Protein–protein docking algorithms could be roughly classified into two categories: template-based modeling and template-free docking (3). Template-based modeling is based on the observation that protein–protein complexes usually interact in the same way if their interacting pairs share >30% sequence identity (4). Hence, the near-native structure of a protein–protein complex can be predicted by this method if an appropriate template is available. However, the number of the available templates is still very limited at present, and thus the template-free docking is generally more popular. Most template-free docking algorithms consist of two stages: sampling stage and scoring stage. In the sampling stage, a large number of decoys are generated, and the decoys sampled from this stage are re-scored and ranked by various scoring functions in the subsequent scoring stage.

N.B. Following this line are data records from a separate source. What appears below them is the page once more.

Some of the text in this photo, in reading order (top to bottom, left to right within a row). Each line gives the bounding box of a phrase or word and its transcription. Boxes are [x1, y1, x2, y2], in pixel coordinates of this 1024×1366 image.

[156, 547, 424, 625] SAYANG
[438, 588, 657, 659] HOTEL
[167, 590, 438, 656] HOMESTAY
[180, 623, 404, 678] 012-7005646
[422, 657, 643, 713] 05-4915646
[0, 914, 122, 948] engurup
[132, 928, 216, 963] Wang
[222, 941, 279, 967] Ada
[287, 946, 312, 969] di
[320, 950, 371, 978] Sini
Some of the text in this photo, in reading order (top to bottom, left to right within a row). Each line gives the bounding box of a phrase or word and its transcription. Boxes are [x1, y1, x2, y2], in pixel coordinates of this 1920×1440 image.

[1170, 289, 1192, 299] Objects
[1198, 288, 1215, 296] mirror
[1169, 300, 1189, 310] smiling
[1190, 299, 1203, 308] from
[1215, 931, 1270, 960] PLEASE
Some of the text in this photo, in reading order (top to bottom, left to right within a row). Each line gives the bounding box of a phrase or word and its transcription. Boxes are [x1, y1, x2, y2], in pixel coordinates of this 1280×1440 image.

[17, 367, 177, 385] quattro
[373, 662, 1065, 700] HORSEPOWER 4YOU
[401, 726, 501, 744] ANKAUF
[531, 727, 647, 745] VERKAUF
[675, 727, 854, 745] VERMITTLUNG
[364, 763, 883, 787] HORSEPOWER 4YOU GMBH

A number of template-free docking servers have been developed and released to the public, such as ATTRACT (5), ClusPro (6), HADDOCK (7), ZDOCK server (8), SwarmDock (9), pyDockSAXS (10), pyDockWeb (11), InterEvDock2 (12), GRAMM-X (13), RosettaDock server (14), PatchDock (15), Hex server (16), 3D-Garden (17), FRODOCK 2.0 (18), etc. Moreover, a hybrid strategy by combining template-based modeling and template-free docking was proposed in HDOCK (19). The scoring strategies used in most servers rely on the scoring functions with a few energy terms, such as van der Waals potential, electrostatic potential, hydrogen-binding potential, desolvation, etc. However, the desolvation energy, which plays a leading role in identifying correct binding poses, cannot be calculated accurately till now. In addition, most docking servers do not provide functions to identify and visualize the key residues for PPIs. It is quite challenging for non-expert users to identify the key residues in a protein–protein binding interface directly using some molecular visualization programs, as the binding interface usually involves a large number of residues (20).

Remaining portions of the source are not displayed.